* What the exercise asks
Extract every entry word for word. Skip the pictures.

(Items from a dataset)
####

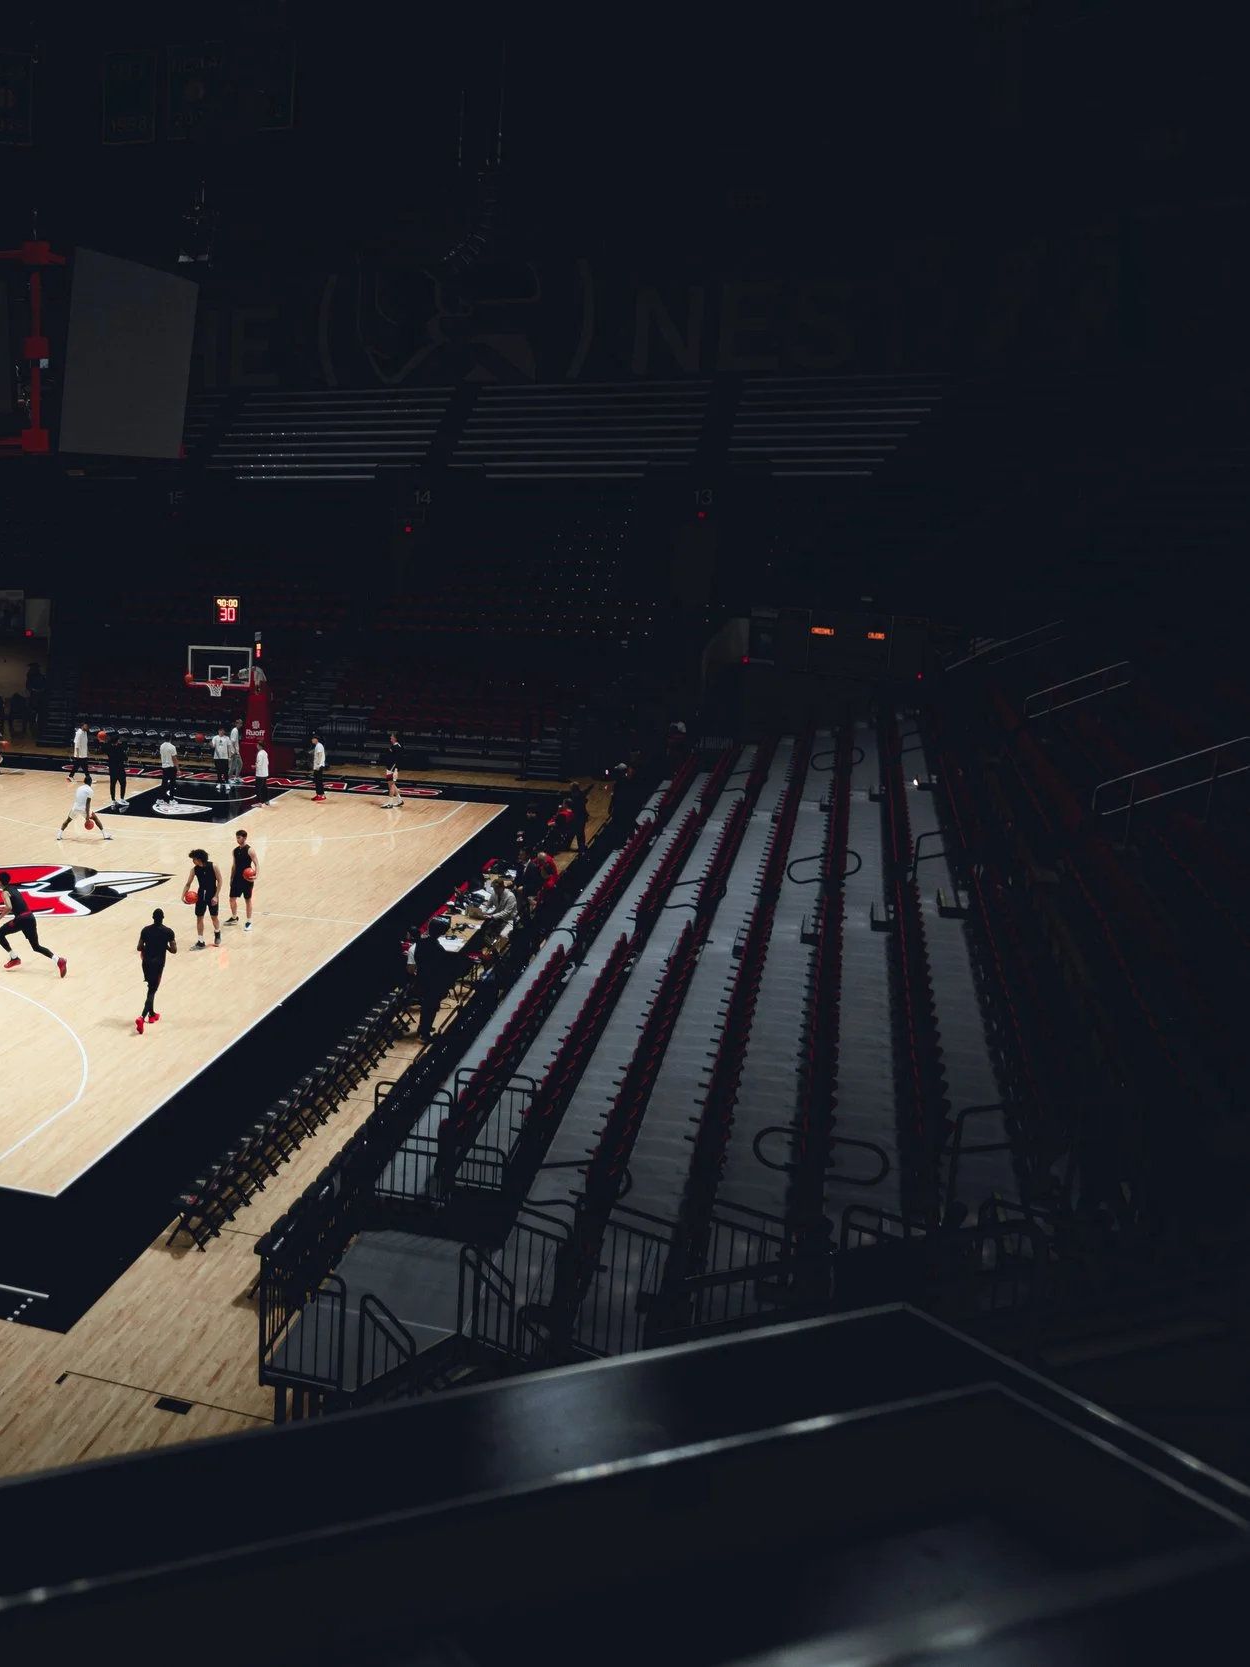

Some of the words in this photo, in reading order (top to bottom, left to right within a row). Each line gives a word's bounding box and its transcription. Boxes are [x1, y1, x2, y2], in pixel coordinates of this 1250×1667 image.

[216, 599, 238, 607] 90:00
[220, 607, 236, 622] 30
[246, 729, 265, 737] Ruoff
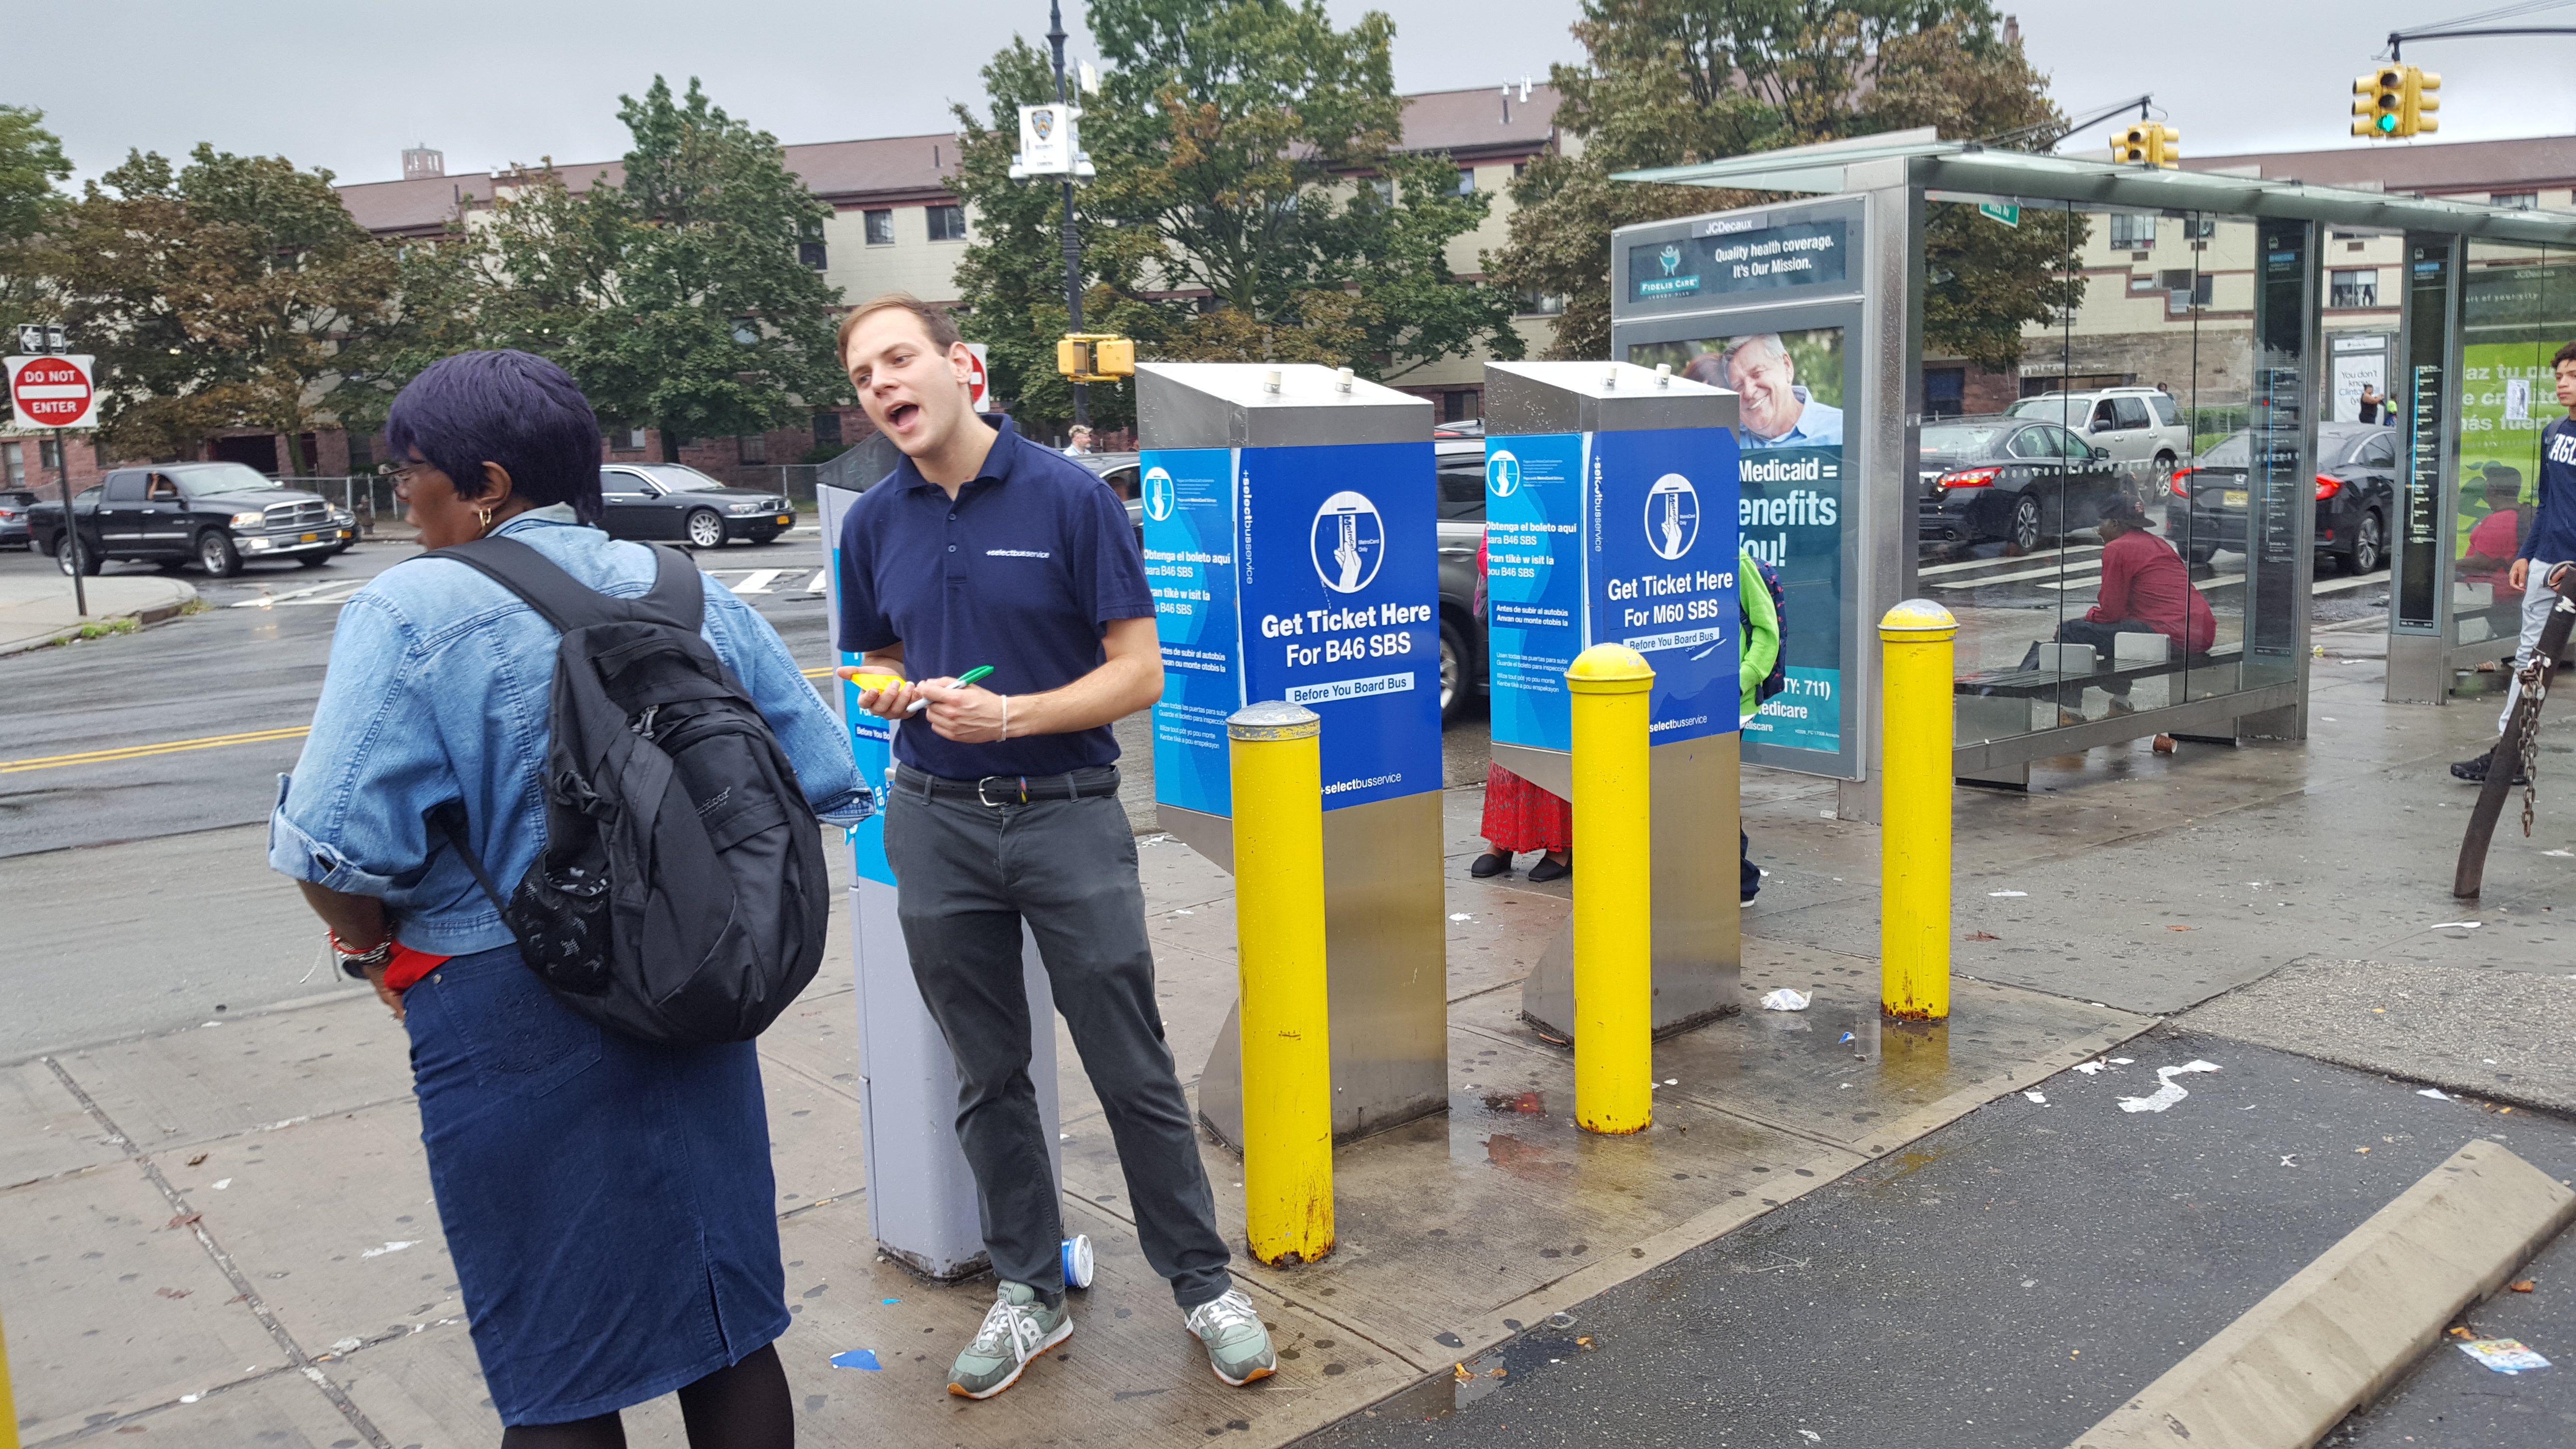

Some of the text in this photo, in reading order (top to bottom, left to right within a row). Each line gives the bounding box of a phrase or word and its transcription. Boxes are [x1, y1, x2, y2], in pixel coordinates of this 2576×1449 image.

####

* Result for this exercise
Some of the words in this photo, in reading order (top to bottom, left to right within a row). Each line gives a word's bounding box and its transcription. Boxes are [x1, y1, x2, y2], in pixel coordinates of this 1250×1667 image.

[216, 599, 238, 607] 90:00
[220, 607, 236, 622] 30
[246, 729, 265, 737] Ruoff

Some of the text in this photo, in reading order (top to bottom, left to right within a row). Each line gives the bounding box of a phrase or word and its transcription. Boxes are [x1, y1, x2, y2], in pixel coordinates of this 2576×1449 image.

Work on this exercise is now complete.